Acqui Terme (Anna Briano) – Siamo arrivati alla fine. All’ultimo atto di una vicenda lunga cinquant’anni che ha visto la Città della Bollente ridursi a un paesone di 20.000 abitanti, in gran parte poveri. Chiudendo il Grand Hotel Thermes, non ha chiuso un albergo, ma una città intera che solo negli anni venti del secolo scorso era una perla per la sua storia, per il turismo termale, per la sua bellezza. Siamo arrivati all’ultimo atto d’un declino iniziato da tempo, ma che dal 2016 ha visto chiudere in rapida successione le strutture più importanti: una serie di alberghi, la Spa il Lago delle sorgenti, le Terme Regina e ora il Grand Hotel Thermes o delle Terme. Ma la realtà che non fa sconti ci dice che a chiudere è stata la città e i suoi abitanti. Anche perché se ha chiuso il Grand Hotel, per lo stabilimento termale si annuncia una riduzione delle attività rispetto a quanto comunicato a dicembre.
E così, mentre in tutto il mondo il Wellness è in fortissima crescita, ad Acqui si chiude.
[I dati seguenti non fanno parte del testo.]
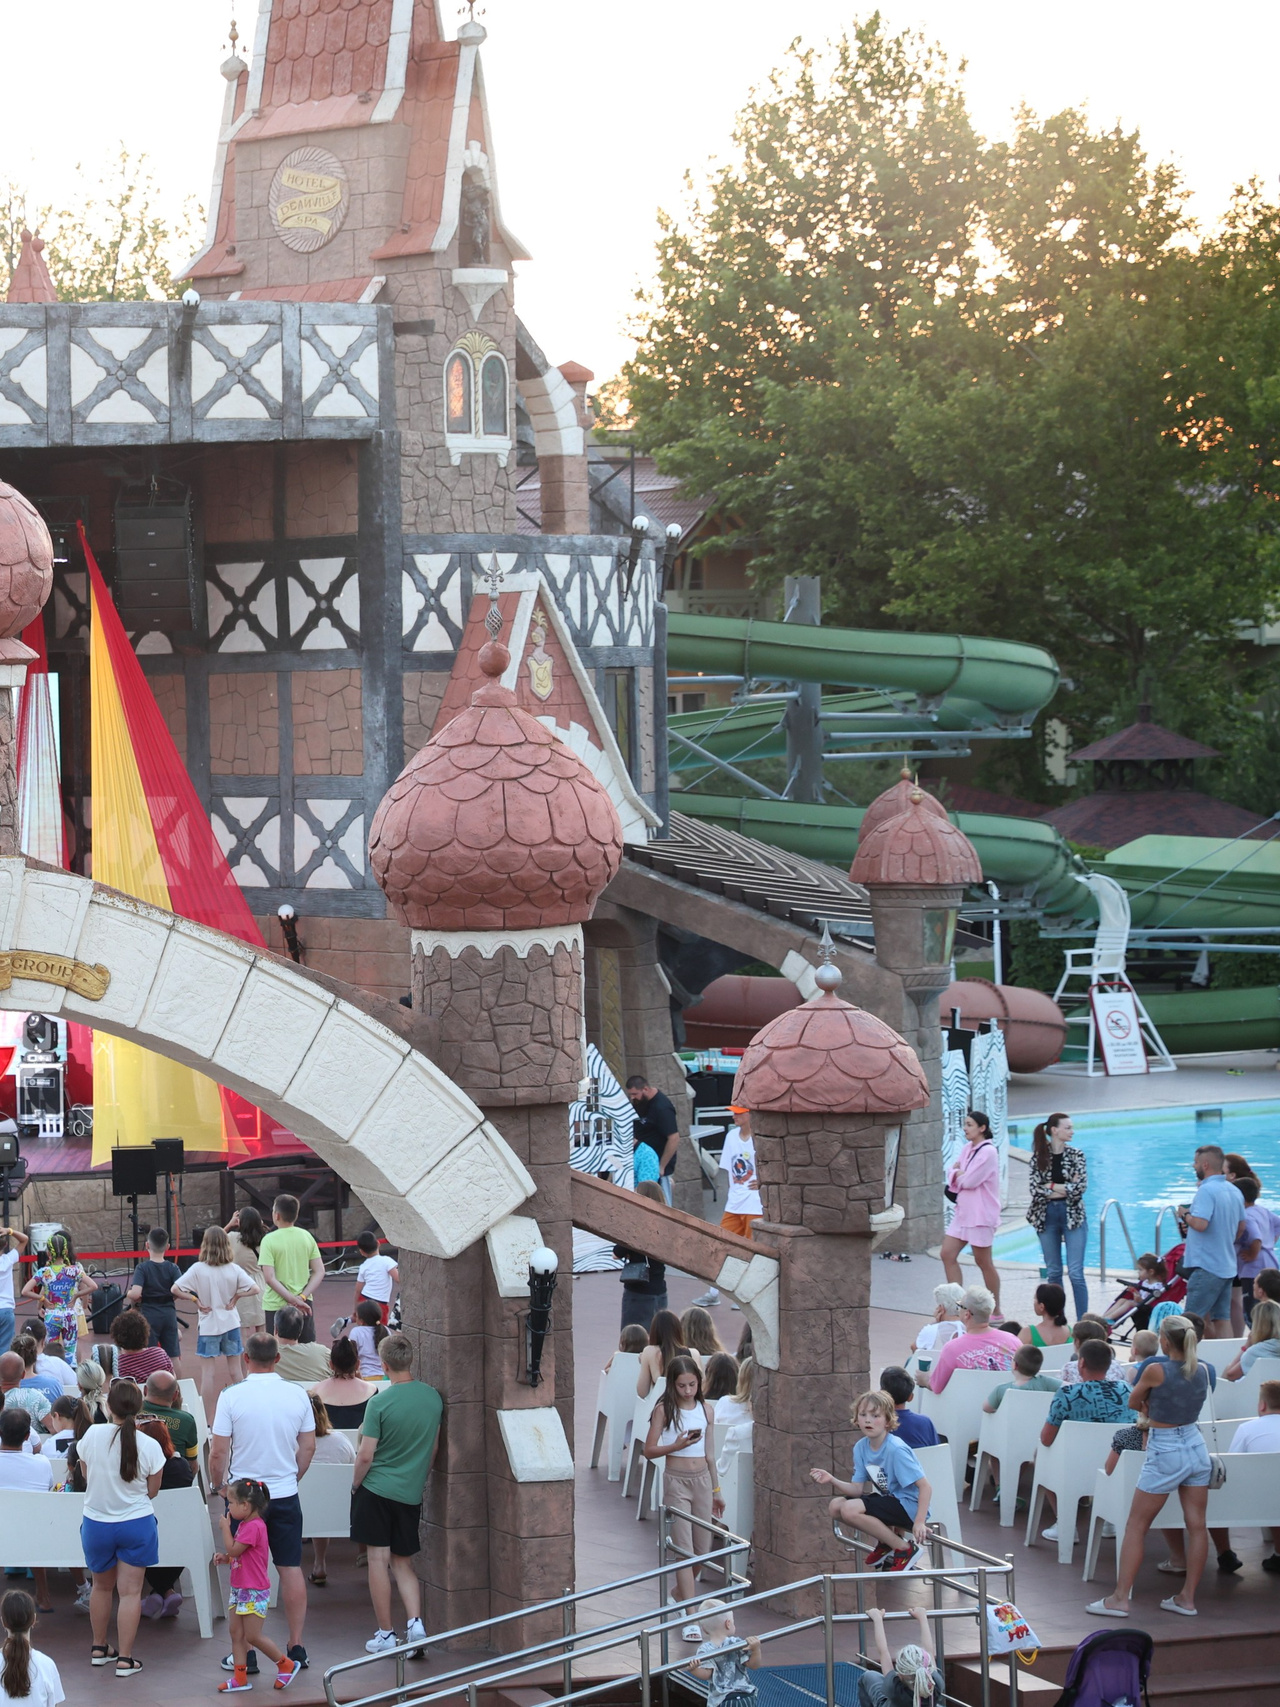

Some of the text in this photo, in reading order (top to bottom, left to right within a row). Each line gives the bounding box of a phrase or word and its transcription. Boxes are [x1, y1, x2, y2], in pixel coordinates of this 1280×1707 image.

[286, 173, 326, 189] HOTEL
[296, 216, 318, 225] SPA
[11, 957, 74, 979] GROUP
Quale il motivo? Perchè tutto ciò? Di chi è la colpa?
Tutto iniziò a precipitare nel 2000 quando l’impianto era di proprietà della Regione che deteneva l’81,1% delle quote e il resto era distribuito tra enti locali e, in piccola parte, imprenditori della zona. Alla cessione delle sue quote la Regione era arrivata dopo vari tentativi poco incisivi di rilancio anche perché la società aveva 7 milioni di debiti, i conti erano un disastro, serviva un piano concreto e serio. Una dozzina di anni fa entrò in scena Stefano Ambrosini, un grande esperto in salvataggi disperati di aziende alla frutta, sperando che le sue competenze potessero funzionare anche stavolta. E invece il patrimonio passò in pochi mesi da 27 a 15 milioni (anche se una perizia del Tribunale di Torino di qualche anno prima aveva trovato più di 60 milioni) e la cassaforte regionale decideva di vendere le quote ai privati. Un primo tentativo con la base d’asta fissata a 25 milioni andò deserto. Ma poi, l’imprenditore svizzero Gianlorenzo Binaghi, attraverso la South Marine Real Estate di Melide, in Canton Ticino, presentava un’offerta da 16,5 milioni. Dopo mesi, la trattativa tra gli svizzeri e Finpiemonte Partecipazioni tramontava (Regione) e quest’ultima dichiarava decaduta l’offerta. South Marine rinnovava l’offerta per 12,5 milioni e si aggiudicava le quote per 9,5 milioni. Ma la genovese Finsystems di Alessandro Pater, che deteneva appena l’ 1% delle quote societarie, decideva di far valere il suo diritto di prelazione. Intanto arrivava il Covid e crollava l’afflusso turistico, più che dimezzato. Il resto è storia recente.